Records drawn from a dataset

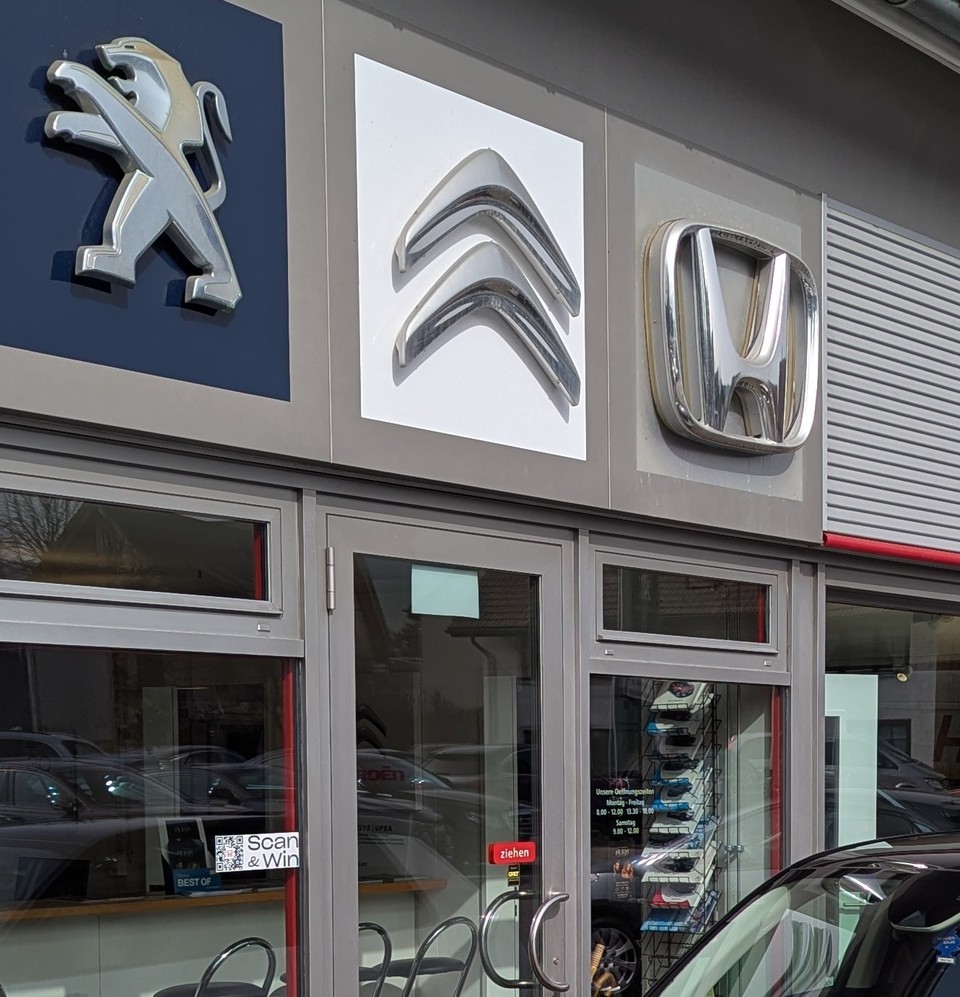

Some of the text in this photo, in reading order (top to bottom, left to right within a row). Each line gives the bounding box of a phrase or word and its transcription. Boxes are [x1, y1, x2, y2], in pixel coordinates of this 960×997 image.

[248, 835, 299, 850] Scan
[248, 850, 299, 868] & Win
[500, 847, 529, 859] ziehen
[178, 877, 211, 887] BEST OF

→ **Task prompt**:
Copy each entry exactly as written. Pictures do not belong in the copy.

→ **Solution for this exercise**:
Some of the text in this photo, in reading order (top to bottom, left to right within a row). Each line gives the bounding box of a phrase or word and its transcription. Boxes are [x1, y1, x2, y2], in pixel coordinates of this 960×997 image.

[248, 835, 299, 850] Scan
[248, 850, 299, 868] & Win
[500, 847, 529, 859] ziehen
[178, 877, 211, 887] BEST OF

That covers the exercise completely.